Casual cryptocurrency investors may not be so sure, but many seem
willing to hold on to what they have in the hopes of a rebound. “Of
course, when it rose to over $60,000, I had big dreams that I could
earn enough money to go on a big trip or to make a down payment on a
property,” said Joe Frisard, a semi-retired resident of Atlanta,
Georgia.
The downturn has lowered Frisard’s ambitions, he acknowledged, but
he still planned on hanging on to the cryptocurrency he hadn’t
already sold when it was closer to its peak. “I’ve lost a good bit
of money in the stock market, too,” he said, “but I’m not looking to
dump my stocks. They’re a long-term investment and I see bitcoin in
a similar way.”
Weathering the storm
Gordon Henderson, a retired collegiate marching band director from
Los Angeles, California, is also not panicking.
“I’m much more concerned about my stocks in my retirement fund than
in my relatively small crypto holdings,” he said. Henderson
remembers his father, at age 69 in 1987, converting his retirement
fund to cash before a recession temporarily decimated the stock
market.
“He was pretty proud of his timing,” Henderson recalled, “but in
reality, he would have ended up with eight times more money if he
had weathered the storm and kept his money in the stock market for
another two decades. That’s how I look at cryptocurrency. I’ll hang
onto it and maybe it will pay for college for my kids. If not, I was
prepared for the loss.”
Colin
Ash, an urban planner in New Orleans, Louisiana, has owned bitcoin
for years, but said he thinks of it as “a fun gamble.”

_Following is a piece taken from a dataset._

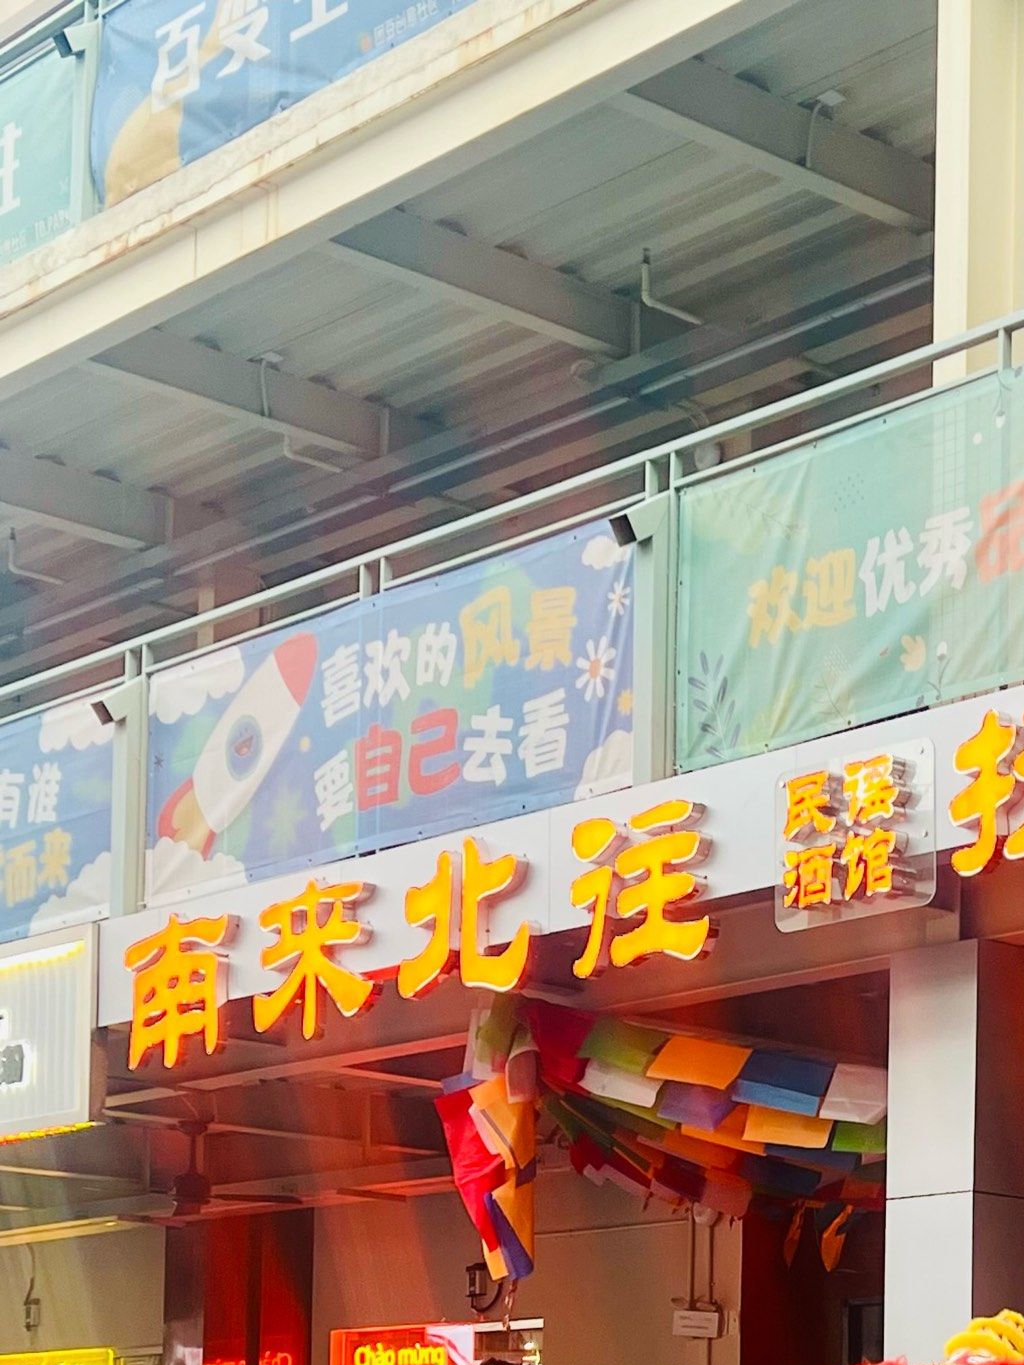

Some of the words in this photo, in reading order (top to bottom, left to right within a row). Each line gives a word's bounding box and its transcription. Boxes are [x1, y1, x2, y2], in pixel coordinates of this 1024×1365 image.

“Of course, I wish I would have timed it perfectly and sold it all
at the peak,” he said, “but it’s not realistic to think you can ever
do that with any kind of investment. I think of it as something
separate from the rest of my money. If something comes of it in the
long run, then great. If not, at least I already sold some and paid
off some debt.”
For Hickey in San Diego, as well as many other investors, the key is
to not invest more than you can afford to lose, particularly with an
asset as speculative as cryptocurrency.
“Under the current circumstances, with everything falling so far
down, I’ve decided to halt my weekly recurring purchase of bitcoin,”
he said. “I think I’m done investing for now.”
He paused for a moment, and then said, “Now, that’s kind of hard,
because if you want to make money you should buy low and sell high.
Bitcoin prices are low, so I’ll probably be back in before you know
it.”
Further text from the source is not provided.